Dataset records Block Start

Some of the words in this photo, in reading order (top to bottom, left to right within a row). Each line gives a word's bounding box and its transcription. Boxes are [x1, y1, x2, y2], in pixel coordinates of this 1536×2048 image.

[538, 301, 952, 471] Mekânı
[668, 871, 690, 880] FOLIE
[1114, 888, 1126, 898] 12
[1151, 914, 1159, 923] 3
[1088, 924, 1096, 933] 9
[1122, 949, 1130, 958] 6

Dataset records Block End

> **Exercise directions**
Without changing a word, restate the whole listing.

> **Written reply**
Some of the words in this photo, in reading order (top to bottom, left to right within a row). Each line gives a word's bounding box and its transcription. Boxes are [x1, y1, x2, y2], in pixel coordinates of this 1536×2048 image.

[538, 301, 952, 471] Mekânı
[668, 871, 690, 880] FOLIE
[1114, 888, 1126, 898] 12
[1151, 914, 1159, 923] 3
[1088, 924, 1096, 933] 9
[1122, 949, 1130, 958] 6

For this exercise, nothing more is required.